Actually you could tell her that exactly!😏
Flowers

But I would not pick up that phone again.

Flowers
happinessischocolate · 14/12/2020 19:21

Do the kids see their other grand parents? If so I'd drop it into the conversation that the other DGP got the kids some brilliant Lego and they love it and love their DGPs so so much for getting it. (If not a close friend or aunty/uncle will have to do)

Then I'd never speak to her again.

My parents have always been completely fair and so have I with my kids, hell I don't even give the dog a treat without the cat getting one too, your Mother is an arse

WoolieLiberal · 14/12/2020 19:26

No-one is entitled to a gift.
The default is no gift.
An unexpected present is a nice surprise.
If no gift received, don’t sweat it.
Relationship might already be complicated but don’t let trifles like this make it worse.

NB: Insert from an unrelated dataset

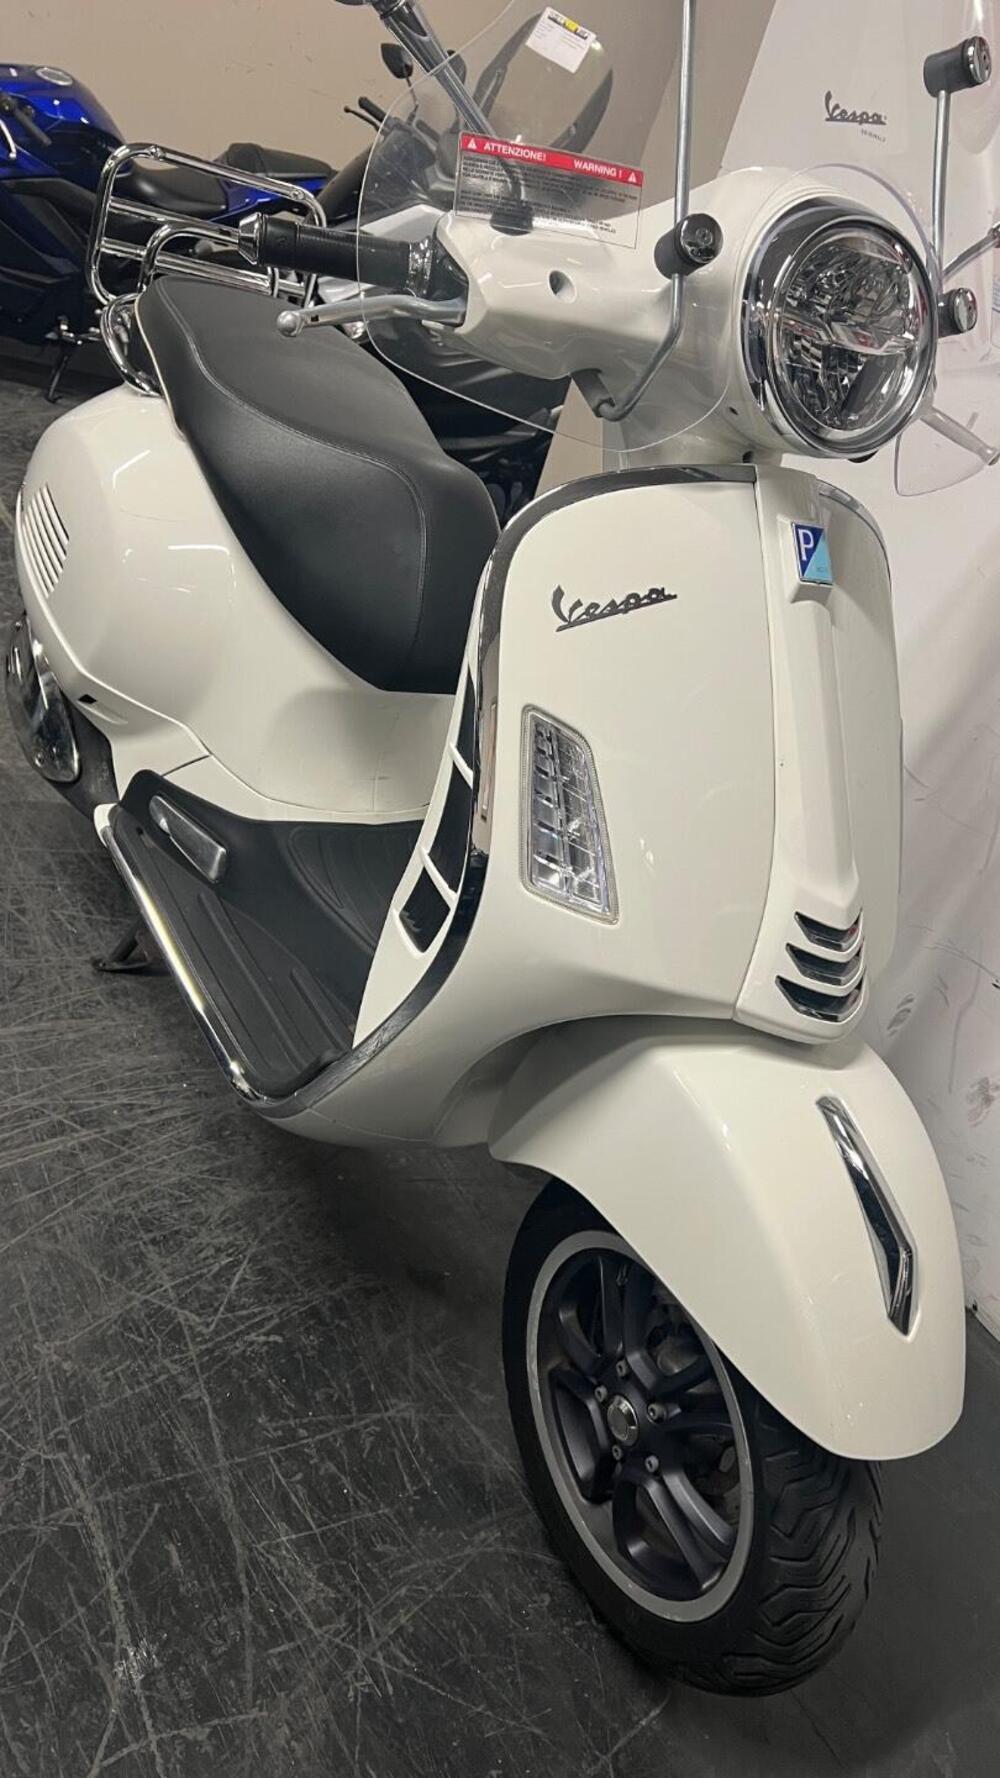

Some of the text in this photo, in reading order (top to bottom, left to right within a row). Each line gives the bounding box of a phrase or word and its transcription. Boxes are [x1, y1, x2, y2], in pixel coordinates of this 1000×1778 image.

[825, 90, 887, 126] Vespa
[484, 142, 546, 161] ATTENZIONE!
[798, 528, 814, 561] P
[552, 585, 677, 632] Vespa

happinessischocolate · 14/12/2020 19:37

@WoolieLiberal

And no one is entitled to a phone call or entitled to a relationship with people they treat badly.

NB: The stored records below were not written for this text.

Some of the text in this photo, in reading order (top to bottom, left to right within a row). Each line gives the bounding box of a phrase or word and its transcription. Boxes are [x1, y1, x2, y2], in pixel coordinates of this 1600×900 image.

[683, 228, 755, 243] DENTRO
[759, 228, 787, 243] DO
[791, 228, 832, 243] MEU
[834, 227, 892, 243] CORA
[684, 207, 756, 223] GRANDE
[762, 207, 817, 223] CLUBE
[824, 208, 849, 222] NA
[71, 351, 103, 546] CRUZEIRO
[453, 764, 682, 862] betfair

GlummyMcGlummerson · 14/12/2020 19:53

@WoolieLiberal does that mean I don't have to buy my own kids presents?

OP posts:
Mary46 · 14/12/2020 20:25

Not nice behaviour. I find my own mean to the kids. Cheap hand cream for a teen birthday. Just lousy. Going play her at her own game now

WoolieLiberal · 15/12/2020 13:59

@GlummyMcGlummerson

Yes, but I’m sure you’re too nice to do that.

@happinessischocolate

Absolutely. No obligations either way IMHO.

Bizawit · 15/12/2020 14:04

YANBU she sounds utterly horrid. Poor you OP Flowers

Bizawit · 15/12/2020 14:06

I do sort of agree though that you should have bought her a present OP if she buys them for the kids.
But it’s still horrid of her to take it out on the kids. And to weaponise gift giving.

GlummyMcGlummerson · 15/12/2020 21:37

So, just pooping on for an update. I spoke with my (non present receiving) brother today. He agrees it's out of order and we have decided we are gonna give it a few days to calm down and I am gonna send her an email expressing our disappointment and that we need some space from her to think things through. I've spent years in a dignified silence and the time has come to stop. My brother said he would do it but I'm a tremendous wuss when it comes to mum so I want it to be me. I need to put my big girl pants on face this

OP posts:
billy1966 · 16/12/2020 12:30

Good for you OP.

I can let things roll off me a bit for myself, but if anyone was unkind/unfair to my children deliberately, I have found a white fury that begins at my feet and travels the whole breath of my body which has driven me to be very firm but calm in making it abundantly clear it will not be tolerated.

I think that is all part of being a parent.

The preference to bear any pain to prevent them experiencing it, particularly when they are young.